The preprocessing section of the configuration file contains the settings that are used to preprocess the images in the dataset, right before passing them to the model.

preprocessing:
  steps:
    - uses: step1
      args:
        arg1: value1
        arg2: value2
        ...
    - ...

The steps list contains all the preprocessing steps that will be applied to the images in the dataset.

Each step has two keys: uses, which contains the name of the step, and args, which contains the arguments that will be passed to the step.

Note

The uses field is case-insensitive, and all hyphens and underscores are ignored, so STEP1, Step1, step-1 and step_1 are all equivalent and will use the same Step1 step.

The transformations are applied in the order they are specified in the configuration file.

Sometimes it is useful to apply a certain preprocessing step only to a specific dataset, for example when the augmentation pipeline has already taken care of some of the preprocessing steps for the training set. If that's the case, the datasets key can be used to specify the datasets that the preprocessing step will be applied to.

preprocessing:
  steps:
    - uses: step1
      datasets: [train, val]
      args:
        arg1: value1
        arg2: value2
        ...
    - ...

The datasets key (if present) is a list of dataset names (train, val, or test) that the preprocessing step will be applied to. If the datasets key is not present, the preprocessing step will be applied to all the datasets.

Preprocessing steps

There are some preprocessing steps already available in Revelio.

Resize

The resize step resizes the images to the specified size.

The resize step has the following arguments:

  • width (required int): the width of the resized images.
  • height (required int): the height of the resized images.
  • algorithm (optional string, default: cubic): the algorithm to use to resize the images. The available algorithms are the same as the ones available in OpenCV:

    • nearest: nearest-neighbor interpolation
    • linear: bilinear interpolation
    • cubic: bicubic interpolation (default)
    • area: resampling using pixel area relation
    • lanczos4: Lanczos interpolation over 8x8 neighborhood
  • keep_aspect_ratio (optional bool, default: True): whether to keep the aspect ratio of the images when resizing them.

  • fill_mode (optional string, default: constant): the strategy used for filling in newly created pixels, which can appear when using the keep_aspect_ratio option.
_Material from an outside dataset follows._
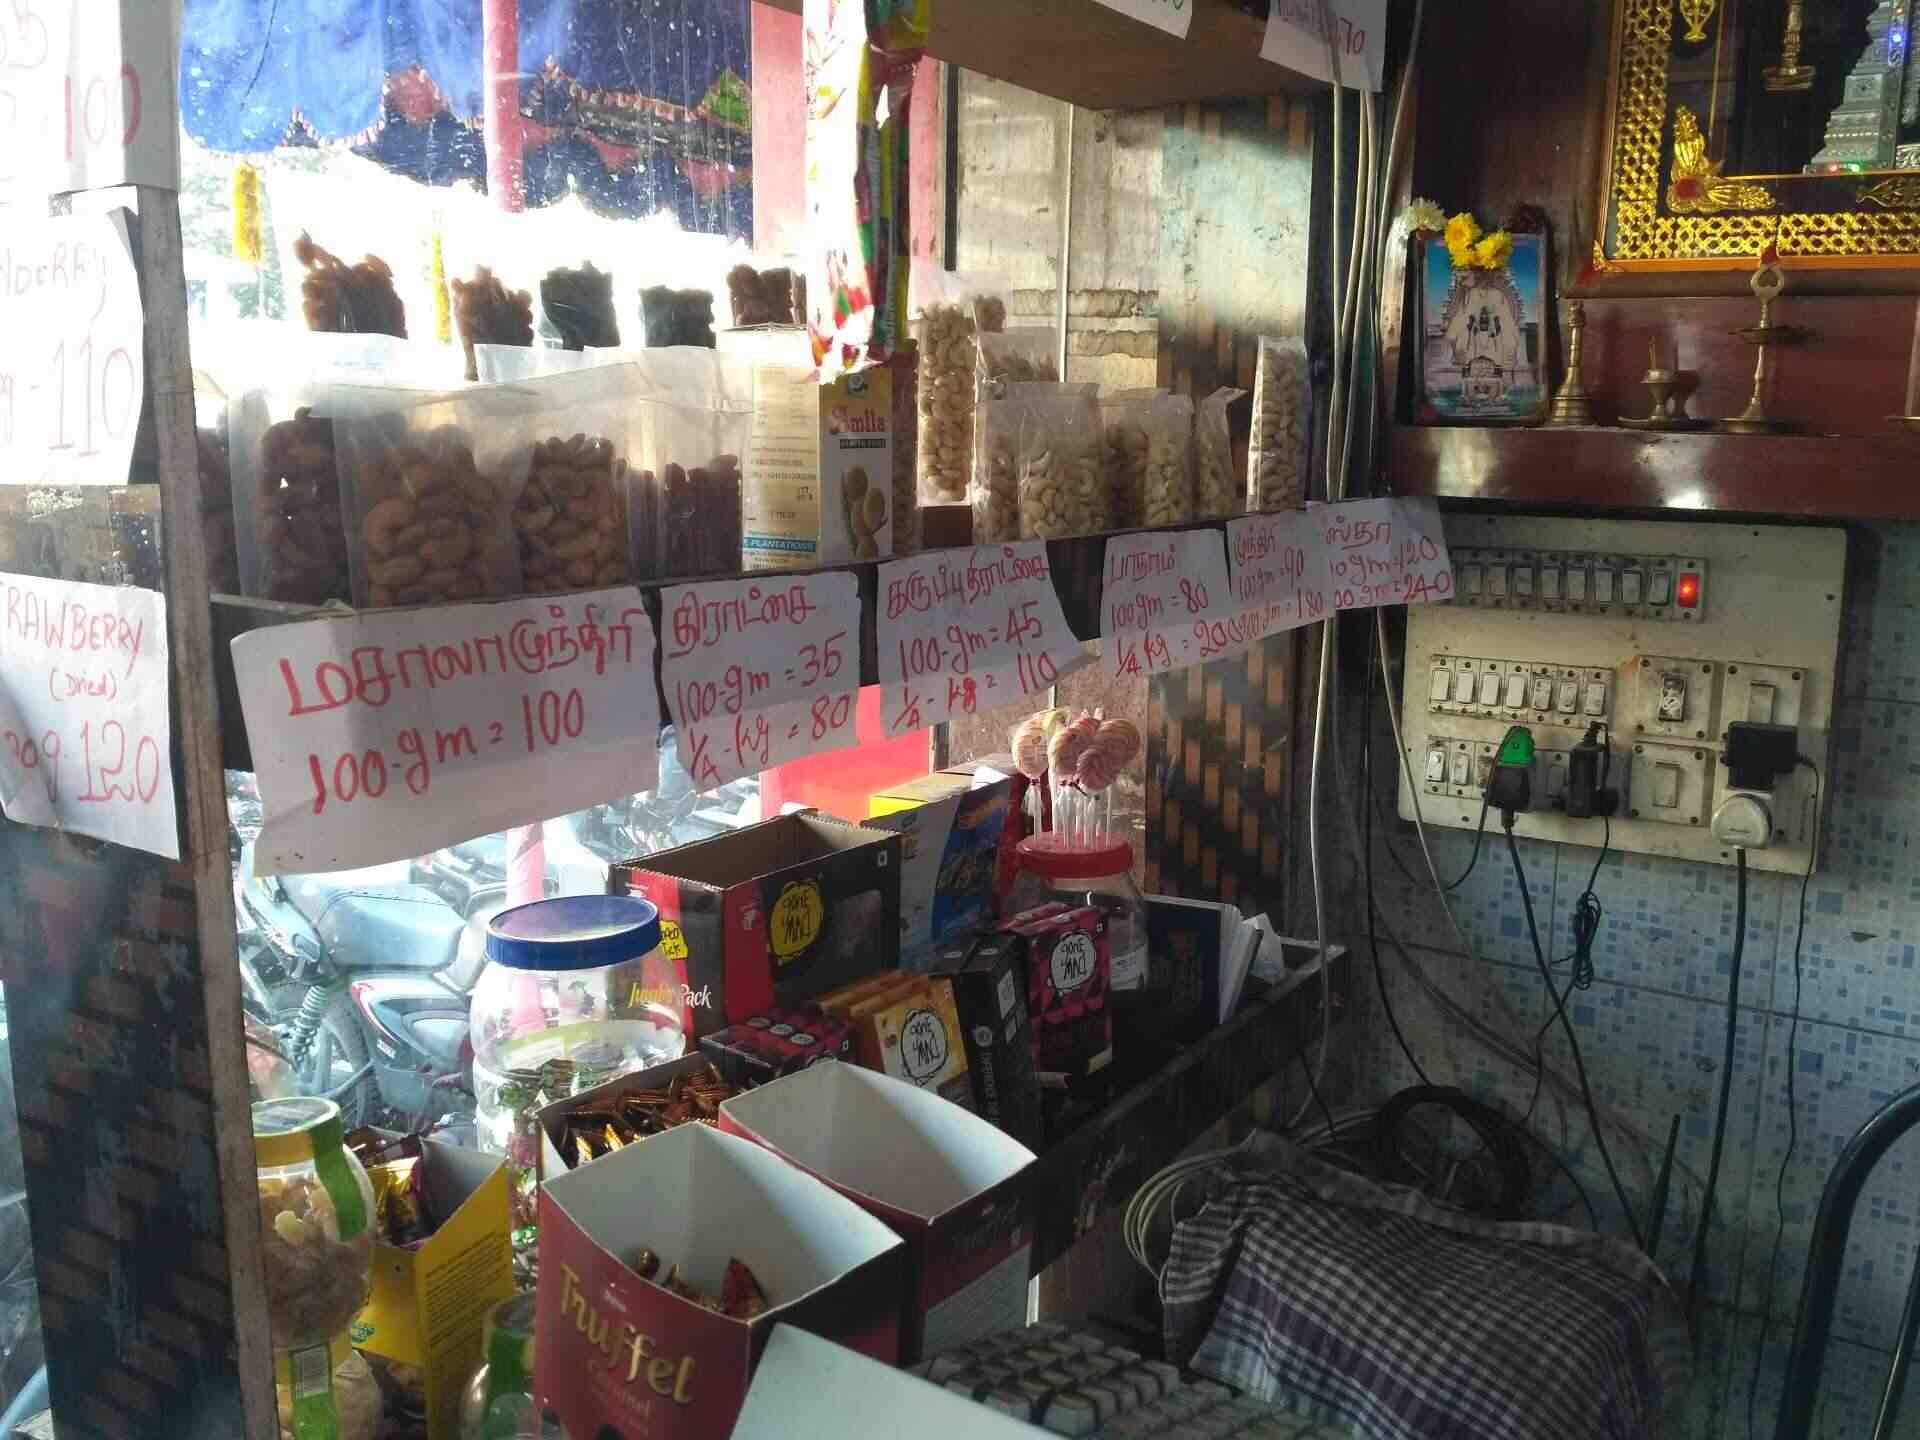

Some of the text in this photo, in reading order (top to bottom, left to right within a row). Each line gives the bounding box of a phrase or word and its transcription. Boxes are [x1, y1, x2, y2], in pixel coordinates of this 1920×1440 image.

The available strategies are the same as the ones available in OpenCV:

    • constant: the pixels are filled with black (default, e.g. 000000|abcdefgh|000000)
    • reflect: the pixels are filled with the reflection of the image (e.g. gfedcb|abcdefgh|gfedcba)
    • replicate: the pixels are filled with the last pixel of the image (e.g. aaaaaa|abcdefgh|hhhhhhh)
    • wrap: the pixels are filled with the wrap of the image (e.g. cdefgh|abcdefgh|abcdefg)

To float

The to_float step converts the images to floating point images in the range [0, 1].

The to_float step has no arguments.

Normalize

The normalize step normalizes the images using the specified mean and standard deviation.

The normalize step has the following arguments:

  • mean (optional list of floats, default: None): the mean to use to normalize the images, one element per BGR channel.
  • std (optional list of floats, default: None): the standard deviation to use to normalize the images, one element per BGR channel.
  • preset (optional string, default: None): the preset to use to normalize the images. The available presets are:

    • imagenet: the mean and standard deviation used to normalize the images in the ImageNet dataset.

Either preset or both mean and std must be specified.

Warning

Watch out for the order of the channels in the mean and standard deviation values. The order is BGR (i.e. OpenCV convention), not RGB.